** DATA SUPPLIED **
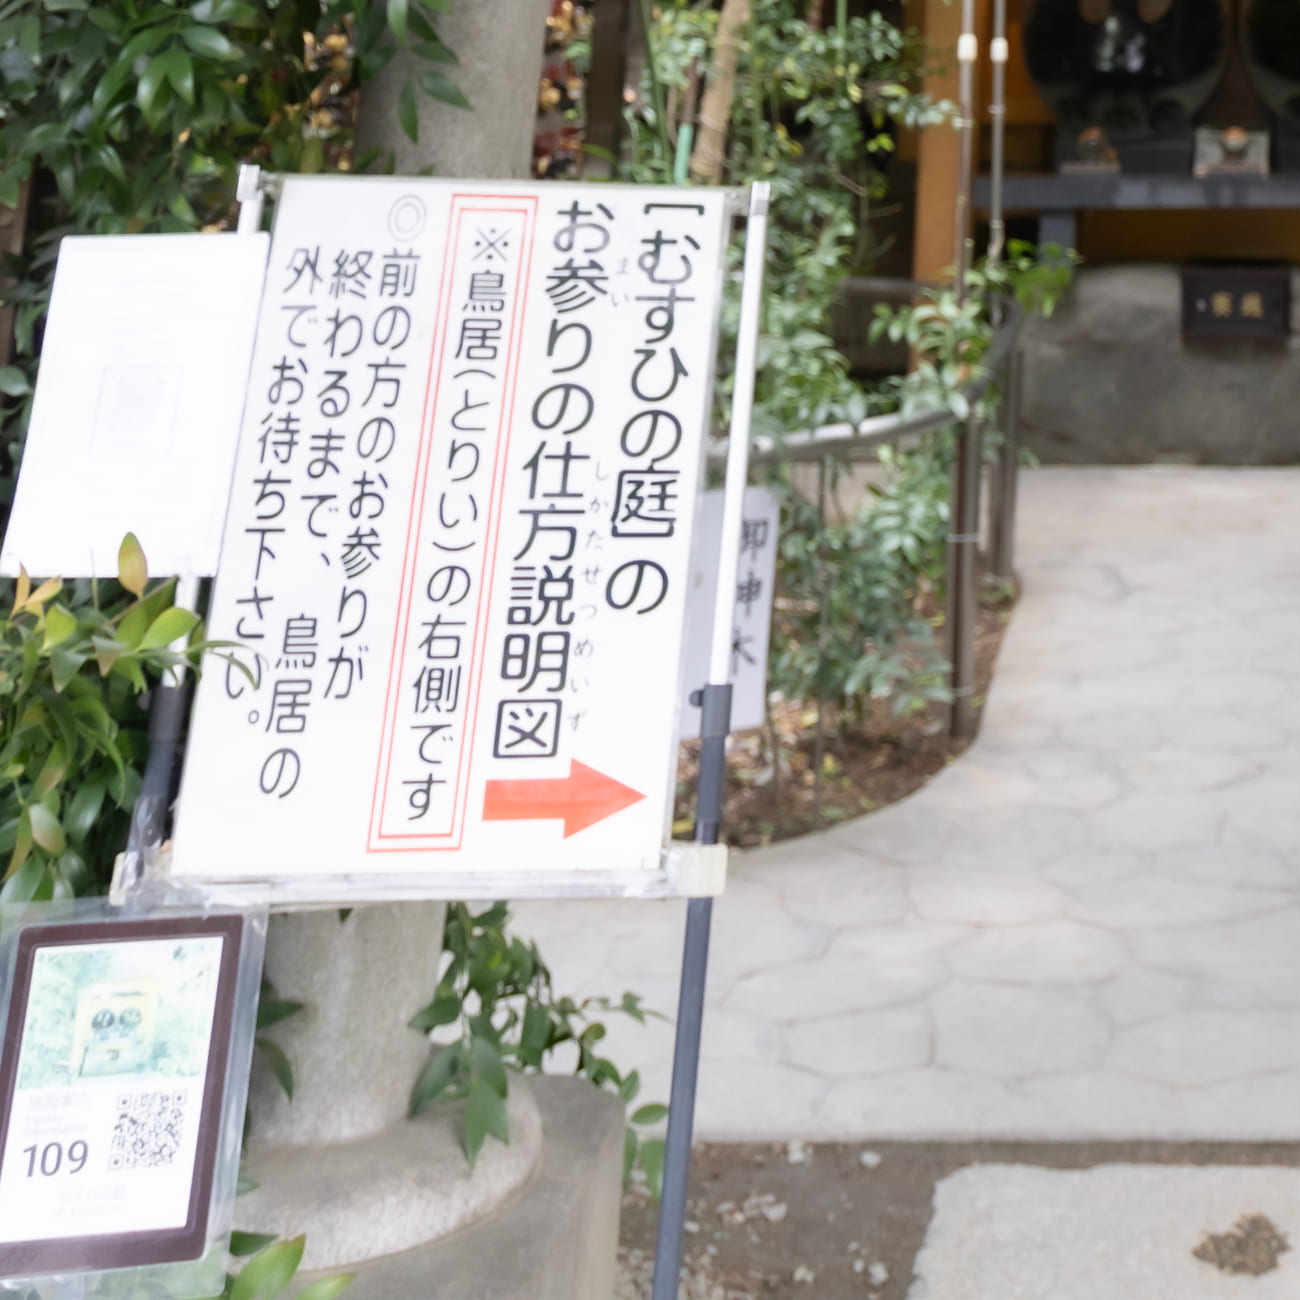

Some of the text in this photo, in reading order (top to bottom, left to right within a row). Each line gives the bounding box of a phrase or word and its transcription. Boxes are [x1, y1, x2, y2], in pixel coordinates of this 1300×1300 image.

[493, 200, 615, 759] お参りの仕方説明図
[259, 613, 319, 799] 鳥居の
[22, 1139, 89, 1178] 109
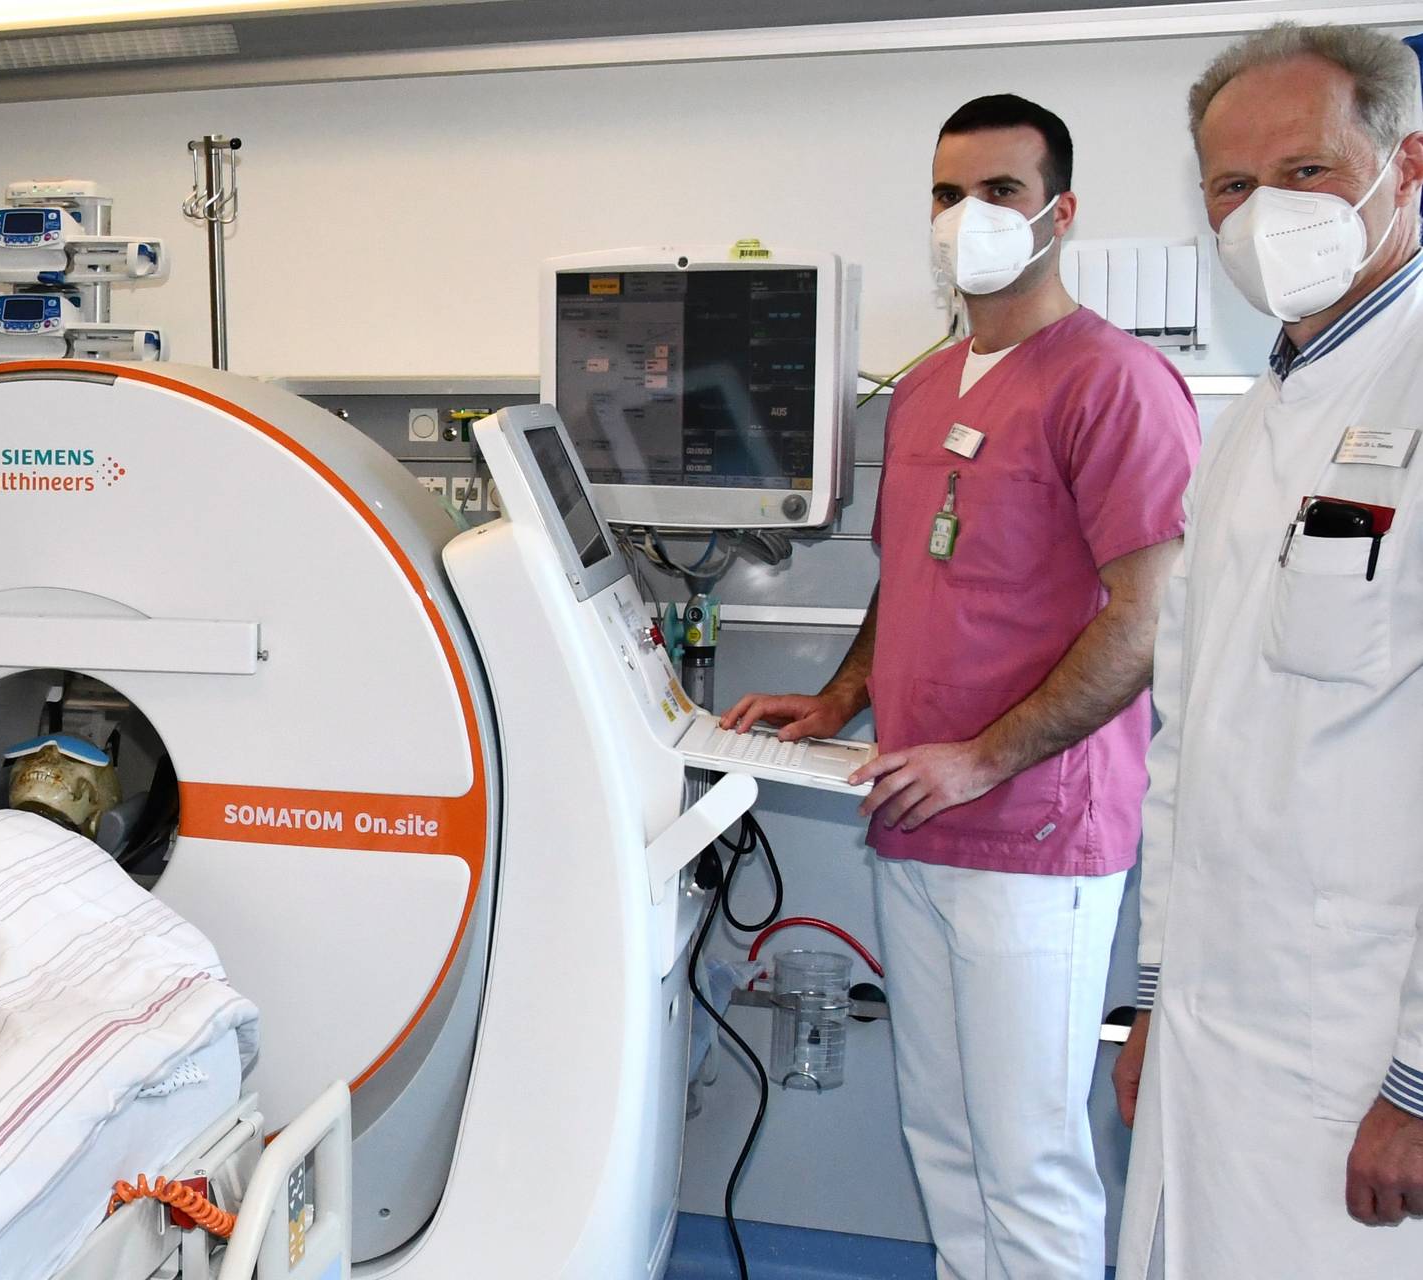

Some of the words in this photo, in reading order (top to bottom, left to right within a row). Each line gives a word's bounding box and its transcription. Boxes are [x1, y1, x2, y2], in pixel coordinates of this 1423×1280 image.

** TASK REQUIREMENTS **
Without including any picture, print every record exactly as written above.

** YOUR RESPONSE **
Some of the text in this photo, in reading order (top to bottom, left to right within a row). Each line gives the bounding box of a phrase or word and its transcription. Boxes are [x1, y1, x2, y2], in pixel coordinates of this 1300×1300 image.

[493, 200, 615, 759] お参りの仕方説明図
[259, 613, 319, 799] 鳥居の
[22, 1139, 89, 1178] 109

Some of the words in this photo, in reading order (top to bottom, left to right within a row). Each line gives a word's bounding box and its transcription. Boxes are [x1, y1, x2, y2], in pixel coordinates of this 1423×1280 image.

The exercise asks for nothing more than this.